Lightning surge characteristics on inclined incoming line to substation based on reduced-scale model experiment

The lightning protection design of a substation is generally based on the surge overvoltage incoming to the substation, which is generated by the back-flashover across an insulator string of the transmission tower that is closest to the substation and struck by a lightning return stroke. In this case, surges propagate along non-horizontal or non-uniform lines such as the tower and the inclined lines incoming to the substation. Although the surge characteristics of a tower have been intensively studied as of today, those of inclined incoming lines to a substation have not yet been investigated. In this paper, experiments have been conducted using a reduced-scale model to clarify the surge characteristics of the conductor system that is composed of horizontal transmission line, two towers, inclined incoming line and a substation gantry. It turns out from the experiments that the potential (voltage) generated at the tower arm rises gradually, compared with the current injected in the tower top.

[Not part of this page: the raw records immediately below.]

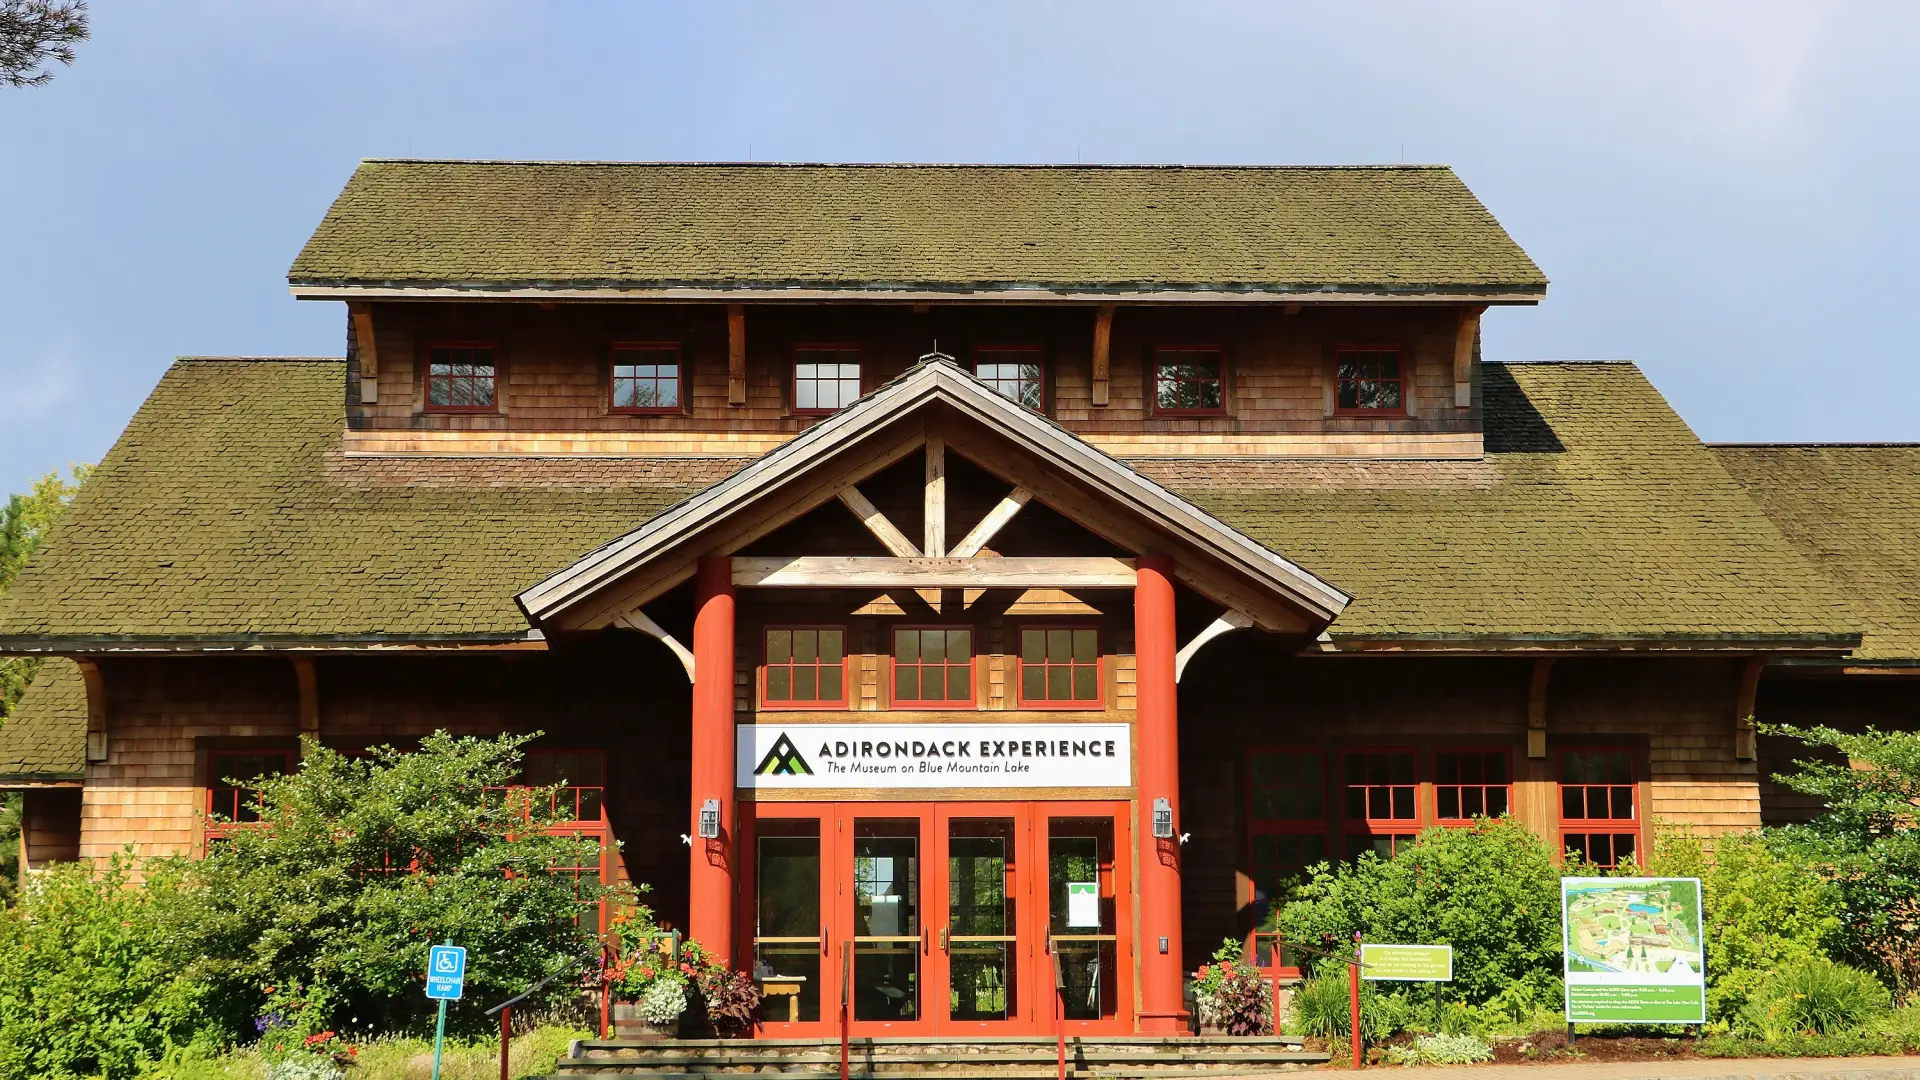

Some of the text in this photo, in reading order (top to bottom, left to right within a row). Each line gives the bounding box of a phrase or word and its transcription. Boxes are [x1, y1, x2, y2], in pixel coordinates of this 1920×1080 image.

[818, 740, 1116, 758] ADIRONDACK EXPERIENCE
[827, 760, 1030, 773] The Museum on Blue Mountain Lake
[429, 976, 461, 984] WHEELCHAIR
[436, 984, 453, 992] RAMP
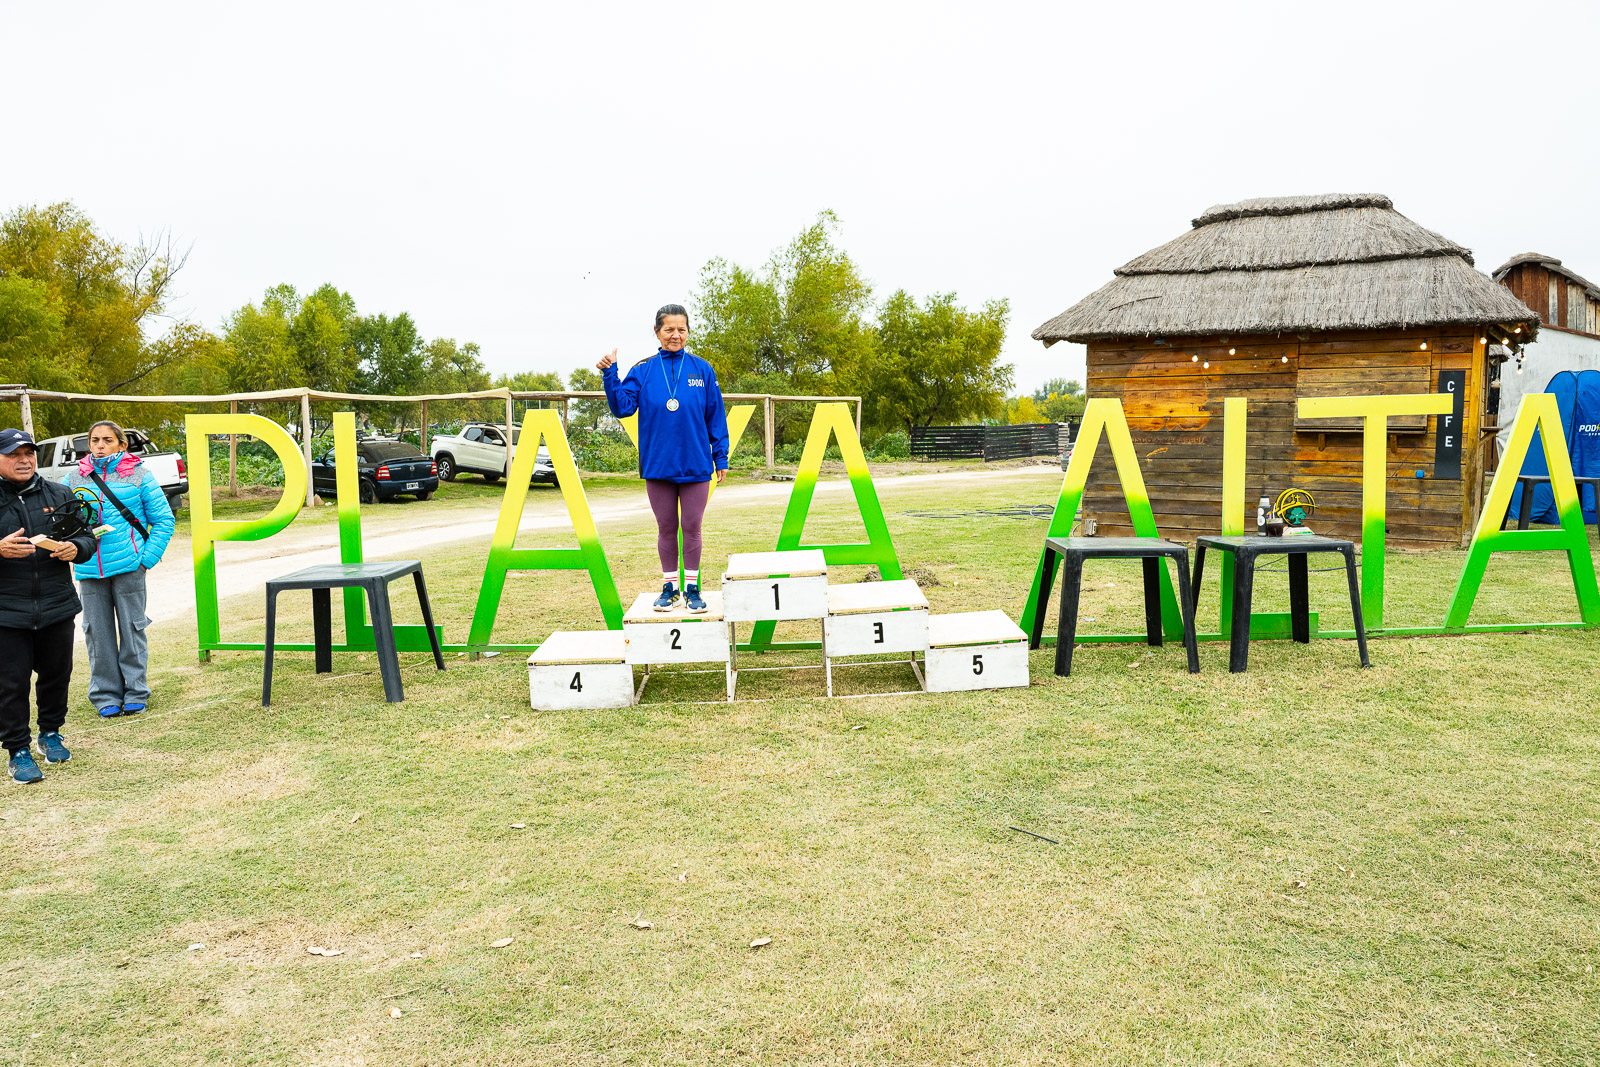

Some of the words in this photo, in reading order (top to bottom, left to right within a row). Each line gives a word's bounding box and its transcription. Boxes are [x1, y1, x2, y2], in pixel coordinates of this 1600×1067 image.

[1445, 381, 1455, 448] CFE
[1020, 393, 1600, 642] ALTA
[771, 583, 781, 611] 1
[669, 628, 682, 650] 2
[873, 621, 885, 644] 3
[972, 654, 984, 676] 5
[569, 671, 583, 693] 4
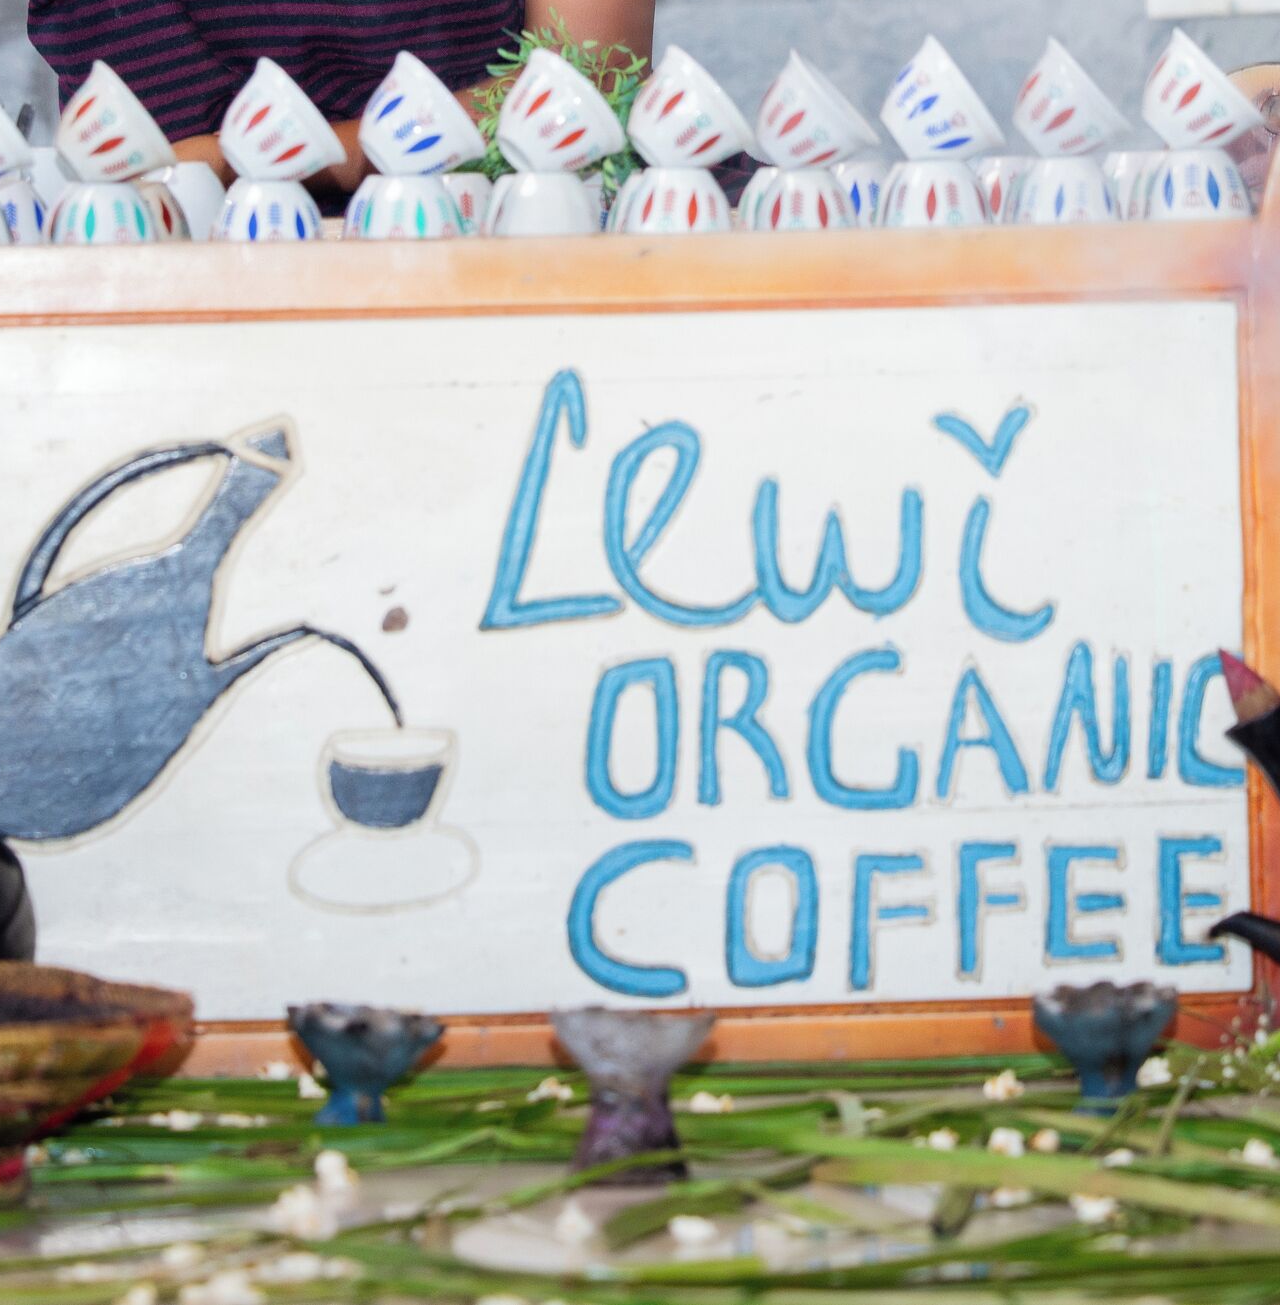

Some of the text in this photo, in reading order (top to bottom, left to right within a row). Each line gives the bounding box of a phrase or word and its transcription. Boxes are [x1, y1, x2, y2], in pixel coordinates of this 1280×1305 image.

[480, 368, 1057, 642] Lewi
[586, 641, 1245, 820] ORGANIC
[567, 835, 1231, 998] COFFEE
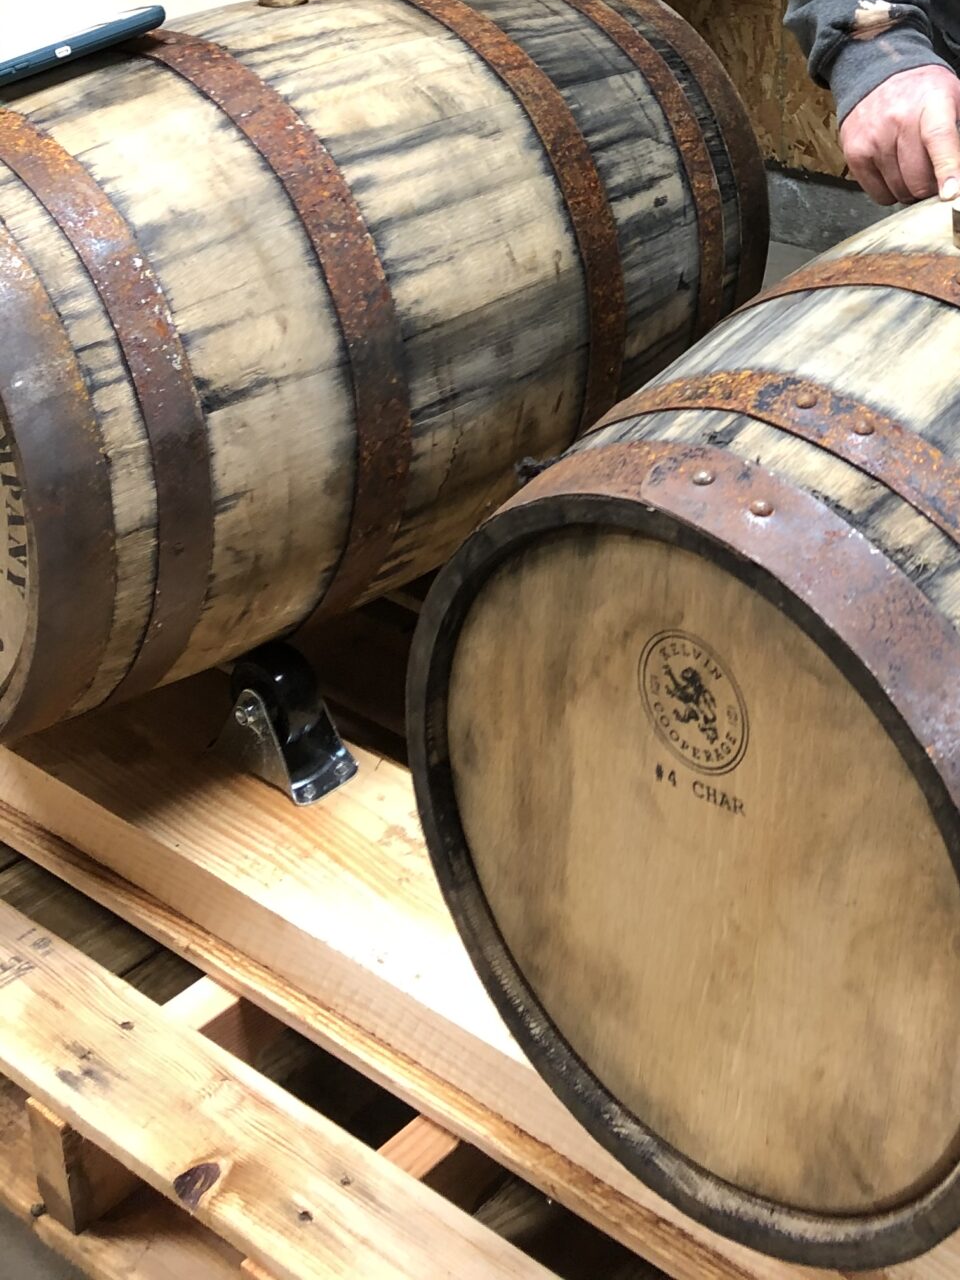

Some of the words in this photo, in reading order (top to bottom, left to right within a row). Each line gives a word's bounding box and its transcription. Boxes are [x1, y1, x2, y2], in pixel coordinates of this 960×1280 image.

Furthermore, it is found that the power line potential at the gantry is smaller than that that at the tower where the back-flashover occurs, while the opposite trend is obtained from a circuittheory- based simulation in which the inclined incoming line is represented by a horizontal line. The latter approximation has been usually employed in representing inclined incoming lines in lightning surge simulations using the Electromagnetic Transients Program (EMTP) or its alternatives. The fact that the power line potential at the gantry, evaluated by the present experiment, is smaller than the EMTPcomputed value would contribute to a more economical and rational design of a substation.